WORK REQUIRED: Exactly as given, restate each record that follows.

○ ○ ○ ○ ○ ○ ○

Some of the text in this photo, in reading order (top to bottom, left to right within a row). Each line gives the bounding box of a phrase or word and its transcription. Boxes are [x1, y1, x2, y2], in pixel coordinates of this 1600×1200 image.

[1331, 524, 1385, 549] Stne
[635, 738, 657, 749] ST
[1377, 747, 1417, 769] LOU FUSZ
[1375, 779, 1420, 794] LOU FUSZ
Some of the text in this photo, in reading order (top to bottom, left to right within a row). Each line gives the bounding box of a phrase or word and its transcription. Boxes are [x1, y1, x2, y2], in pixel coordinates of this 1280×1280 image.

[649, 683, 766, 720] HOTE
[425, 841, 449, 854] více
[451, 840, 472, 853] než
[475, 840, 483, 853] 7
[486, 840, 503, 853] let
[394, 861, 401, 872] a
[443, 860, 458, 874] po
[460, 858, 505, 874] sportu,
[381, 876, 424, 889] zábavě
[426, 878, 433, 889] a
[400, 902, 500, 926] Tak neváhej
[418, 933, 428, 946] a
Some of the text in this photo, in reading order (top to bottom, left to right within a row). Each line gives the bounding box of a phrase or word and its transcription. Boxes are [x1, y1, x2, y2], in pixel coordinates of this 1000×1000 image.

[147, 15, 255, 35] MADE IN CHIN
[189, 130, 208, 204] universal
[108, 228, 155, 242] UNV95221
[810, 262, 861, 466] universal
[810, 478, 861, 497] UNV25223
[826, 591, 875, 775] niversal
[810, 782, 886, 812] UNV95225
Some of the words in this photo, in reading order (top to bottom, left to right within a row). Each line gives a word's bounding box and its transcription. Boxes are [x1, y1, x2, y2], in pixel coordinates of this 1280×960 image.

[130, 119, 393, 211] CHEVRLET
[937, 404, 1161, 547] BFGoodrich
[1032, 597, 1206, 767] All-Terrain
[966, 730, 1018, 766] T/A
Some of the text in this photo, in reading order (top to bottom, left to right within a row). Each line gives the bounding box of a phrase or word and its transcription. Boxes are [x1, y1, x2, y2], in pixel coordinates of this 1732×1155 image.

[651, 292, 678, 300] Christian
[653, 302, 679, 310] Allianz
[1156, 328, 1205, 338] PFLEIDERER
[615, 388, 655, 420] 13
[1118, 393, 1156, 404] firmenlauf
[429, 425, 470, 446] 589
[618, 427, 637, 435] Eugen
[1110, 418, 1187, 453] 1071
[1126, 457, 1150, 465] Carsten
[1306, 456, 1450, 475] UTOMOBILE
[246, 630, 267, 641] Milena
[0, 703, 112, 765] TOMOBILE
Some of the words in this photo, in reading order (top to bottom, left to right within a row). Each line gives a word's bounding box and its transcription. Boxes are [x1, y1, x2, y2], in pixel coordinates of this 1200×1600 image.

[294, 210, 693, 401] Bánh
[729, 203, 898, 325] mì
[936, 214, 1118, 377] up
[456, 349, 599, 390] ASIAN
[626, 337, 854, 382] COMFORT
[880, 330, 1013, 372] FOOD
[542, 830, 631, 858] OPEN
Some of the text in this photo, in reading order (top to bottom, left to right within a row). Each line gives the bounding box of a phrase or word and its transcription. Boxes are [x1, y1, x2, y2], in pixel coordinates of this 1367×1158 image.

○ ○ ○ ○ ○ ○ ○

OUTPUT OF THE TASK:
Some of the text in this photo, in reading order (top to bottom, left to right within a row). Each line gives the bounding box of a phrase or word and its transcription. Boxes are [x1, y1, x2, y2], in pixel coordinates of this 1600×1200 image.

[1331, 524, 1385, 549] Stne
[635, 738, 657, 749] ST
[1377, 747, 1417, 769] LOU FUSZ
[1375, 779, 1420, 794] LOU FUSZ
Some of the text in this photo, in reading order (top to bottom, left to right within a row). Each line gives the bounding box of a phrase or word and its transcription. Boxes are [x1, y1, x2, y2], in pixel coordinates of this 1280×1280 image.

[649, 683, 766, 720] HOTE
[425, 841, 449, 854] více
[451, 840, 472, 853] než
[475, 840, 483, 853] 7
[486, 840, 503, 853] let
[394, 861, 401, 872] a
[443, 860, 458, 874] po
[460, 858, 505, 874] sportu,
[381, 876, 424, 889] zábavě
[426, 878, 433, 889] a
[400, 902, 500, 926] Tak neváhej
[418, 933, 428, 946] a
Some of the text in this photo, in reading order (top to bottom, left to right within a row). Each line gives the bounding box of a phrase or word and its transcription. Boxes are [x1, y1, x2, y2], in pixel coordinates of this 1000×1000 image.

[147, 15, 255, 35] MADE IN CHIN
[189, 130, 208, 204] universal
[108, 228, 155, 242] UNV95221
[810, 262, 861, 466] universal
[810, 478, 861, 497] UNV25223
[826, 591, 875, 775] niversal
[810, 782, 886, 812] UNV95225
Some of the words in this photo, in reading order (top to bottom, left to right within a row). Each line gives a word's bounding box and its transcription. Boxes are [x1, y1, x2, y2], in pixel coordinates of this 1280×960 image.

[130, 119, 393, 211] CHEVRLET
[937, 404, 1161, 547] BFGoodrich
[1032, 597, 1206, 767] All-Terrain
[966, 730, 1018, 766] T/A
Some of the text in this photo, in reading order (top to bottom, left to right within a row). Each line gives the bounding box of a phrase or word and its transcription. Boxes are [x1, y1, x2, y2], in pixel coordinates of this 1732×1155 image.

[651, 292, 678, 300] Christian
[653, 302, 679, 310] Allianz
[1156, 328, 1205, 338] PFLEIDERER
[615, 388, 655, 420] 13
[1118, 393, 1156, 404] firmenlauf
[429, 425, 470, 446] 589
[618, 427, 637, 435] Eugen
[1110, 418, 1187, 453] 1071
[1126, 457, 1150, 465] Carsten
[1306, 456, 1450, 475] UTOMOBILE
[246, 630, 267, 641] Milena
[0, 703, 112, 765] TOMOBILE
Some of the words in this photo, in reading order (top to bottom, left to right within a row). Each line gives a word's bounding box and its transcription. Boxes are [x1, y1, x2, y2], in pixel coordinates of this 1200×1600 image.

[294, 210, 693, 401] Bánh
[729, 203, 898, 325] mì
[936, 214, 1118, 377] up
[456, 349, 599, 390] ASIAN
[626, 337, 854, 382] COMFORT
[880, 330, 1013, 372] FOOD
[542, 830, 631, 858] OPEN
Some of the text in this photo, in reading order (top to bottom, left to right within a row). Each line gives the bounding box of a phrase or word and its transcription. Boxes are [x1, y1, x2, y2], in pixel coordinates of this 1367×1158 image.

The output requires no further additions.